Dataset entries

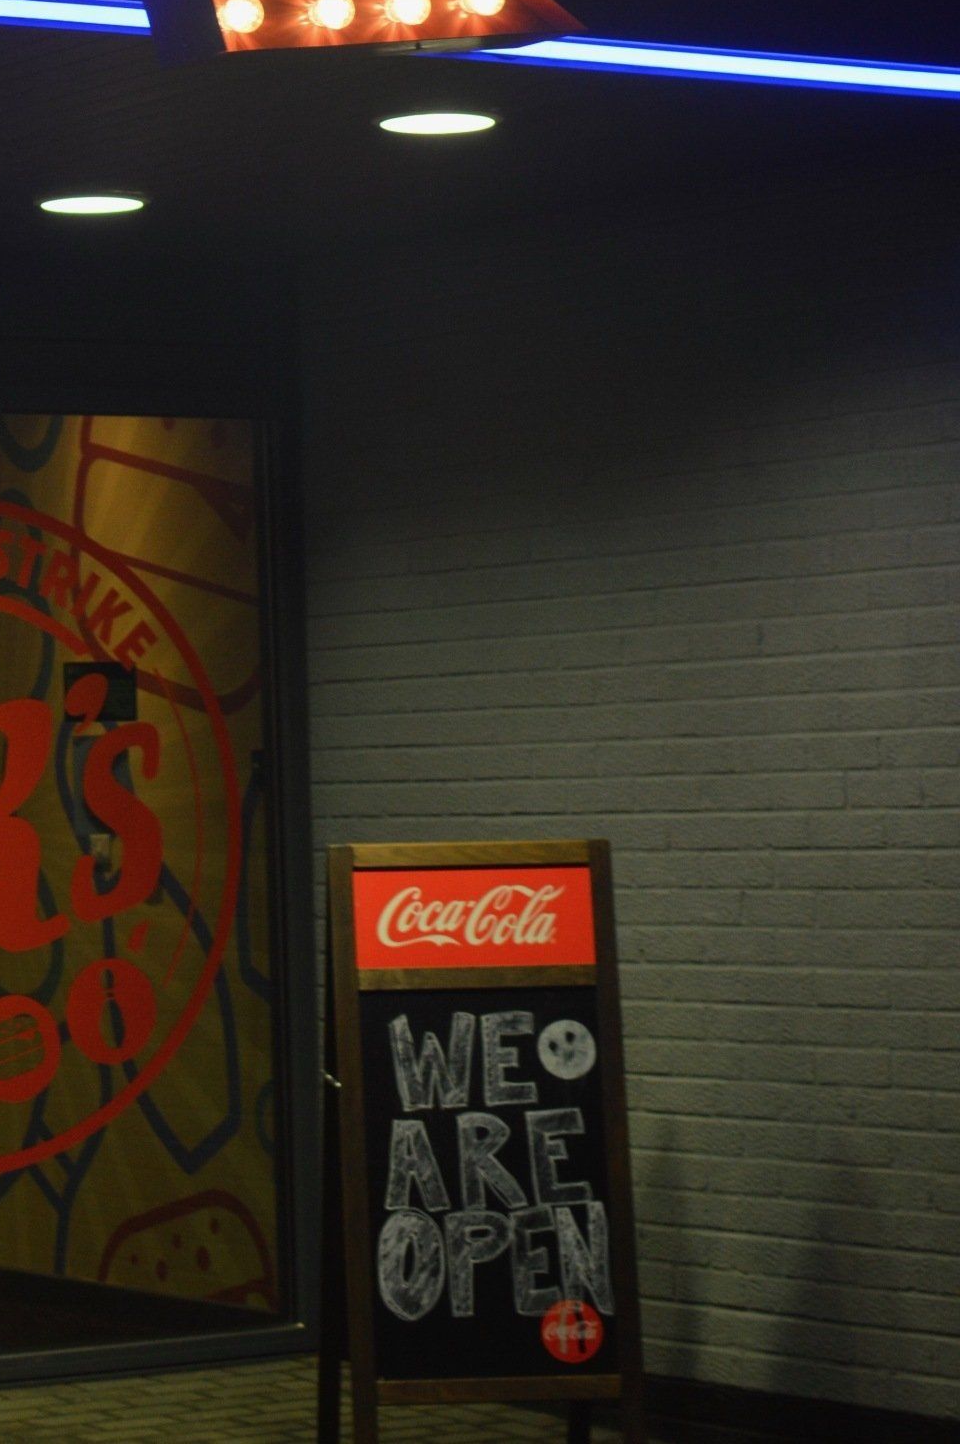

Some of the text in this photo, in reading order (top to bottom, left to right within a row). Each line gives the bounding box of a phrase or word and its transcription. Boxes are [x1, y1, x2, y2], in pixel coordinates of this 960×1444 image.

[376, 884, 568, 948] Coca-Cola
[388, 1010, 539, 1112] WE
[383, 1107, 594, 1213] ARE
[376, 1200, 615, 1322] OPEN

Directions for this task: Reproduce every entry exactly; images stay out.

Response to the exercise:
Some of the text in this photo, in reading order (top to bottom, left to right within a row). Each line gives the bounding box of a phrase or word and its transcription. Boxes are [x1, y1, x2, y2], in pixel coordinates of this 960×1444 image.

[376, 884, 568, 948] Coca-Cola
[388, 1010, 539, 1112] WE
[383, 1107, 594, 1213] ARE
[376, 1200, 615, 1322] OPEN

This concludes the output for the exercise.